The unofficial Nat and Anna Parker fansite

Wolf Hall / Bring Up the Bodies, Aldwych Theatre - theatre review
London Evening Standard,
Henry Hitchings
19 May 2014

The intrigue fizzes, and the dialogue continually surprises, switching between delicious lyricsm and a bracing simplicity.

Wolf Hall 5 stars / Bring Up the Bodies 4 stars

Hilary Mantel's novels Wolf Hall and Bring Up the Bodies, both winners of the Man Booker Prize, present a haunting vision of Tudor politics.

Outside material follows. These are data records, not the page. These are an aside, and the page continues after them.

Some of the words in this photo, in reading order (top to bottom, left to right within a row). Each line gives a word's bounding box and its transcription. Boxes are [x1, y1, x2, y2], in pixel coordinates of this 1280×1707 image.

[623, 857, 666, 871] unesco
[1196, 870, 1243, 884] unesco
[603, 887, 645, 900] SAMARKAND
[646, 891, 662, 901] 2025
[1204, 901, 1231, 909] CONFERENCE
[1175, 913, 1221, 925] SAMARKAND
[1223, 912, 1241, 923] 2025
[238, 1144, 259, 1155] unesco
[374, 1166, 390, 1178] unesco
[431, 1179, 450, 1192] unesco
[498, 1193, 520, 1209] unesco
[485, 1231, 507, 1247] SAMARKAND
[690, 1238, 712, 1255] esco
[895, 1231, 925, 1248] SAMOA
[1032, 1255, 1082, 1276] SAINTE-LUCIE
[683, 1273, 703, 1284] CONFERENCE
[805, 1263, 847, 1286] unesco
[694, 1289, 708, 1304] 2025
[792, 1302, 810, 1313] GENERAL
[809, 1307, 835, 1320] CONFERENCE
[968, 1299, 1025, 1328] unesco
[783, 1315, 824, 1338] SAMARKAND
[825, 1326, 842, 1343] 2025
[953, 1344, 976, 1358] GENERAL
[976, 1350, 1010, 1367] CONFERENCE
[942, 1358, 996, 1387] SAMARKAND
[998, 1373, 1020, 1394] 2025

Their portraits of Henry VIII and his enigmatic minister Thomas Cromwell are startlingly persuasive.

These adaptations by Mike Poulton are a remarkable achievement, compressing over 1,000 pages into two plays that preserve the books' absorbing density but are also admirably crisp and clear. When they premiered at Stratford-upon-Avon in January, they struck me as brisk and gripping yet not obviously amusing. Here they feel funnier and broader as well as shorter (though they still have a combined running time of around five and a half hours).

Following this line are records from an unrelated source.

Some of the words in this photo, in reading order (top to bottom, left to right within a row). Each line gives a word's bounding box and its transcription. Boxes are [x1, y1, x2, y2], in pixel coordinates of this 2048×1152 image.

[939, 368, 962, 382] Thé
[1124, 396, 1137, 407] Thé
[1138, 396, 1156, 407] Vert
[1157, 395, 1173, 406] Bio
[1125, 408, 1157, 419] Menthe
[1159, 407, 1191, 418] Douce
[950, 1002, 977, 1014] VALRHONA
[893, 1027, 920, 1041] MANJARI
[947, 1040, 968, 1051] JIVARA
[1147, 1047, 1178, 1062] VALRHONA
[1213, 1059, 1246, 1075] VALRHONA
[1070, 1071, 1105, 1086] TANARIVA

Ben Miles's Cromwell has also taken on a different hue. Instead of seeming watchful and detached, he's now more engaging. Miles is superb, conveying Cromwell’s charisma and efficiency in a style that’s both relaxed and magnetic. He elucidates the complexities of a very public man with a carefully guarded private life, for instance showing that even as Cromwell becomes tougher he remains convinced of his sensitivity.

Director Jeremy Herrin marshals a large cast with impressive fluency.

Aside from Miles, the star is Nathaniel Parker as Henry VIII. He is at his best in the moments where we see the vulnerability behind the bluster, and this is never more apparent than in his awkward awareness that his poetry may not be quite as good as his sycophantic hangers-on insist.

Lydia Lenonard's power-hungry and later power-crazed Anne Boleyn is a fascinating mix of seductiveness and savagery, while Lucy Briers has a meticulous severity as Katharine of Aragon. John Ramm's finely observed Thomas More looks uncannily like the famous Holbein portrait of that patient master of piolitical philosophy. There's deft work in smaller roles too, with Joshua Silver perfectly understated as Cromwell's clerk Rafe Sadler and Joey Batey suitably slippery as adulterous musician Mark Smeaton.

Crucially, Poulton reproduces Mantel's ability to have fun with the past while also valuing authenticity. Through her layered, fresh and exact prose Mantel makes the 16th-century feel racy and accessible, and those qualities are always evident here. This is a brutal world, suffused with violence and chicanery.The intrigue fizzes, and the dialogue continually surprises, switching between delicious lyricsm and a bracing simplicity.

Wolf Hall is the more excitingly tense of the two plays and could certainly be savoured on its own. But seeing both productions offers richer rewards.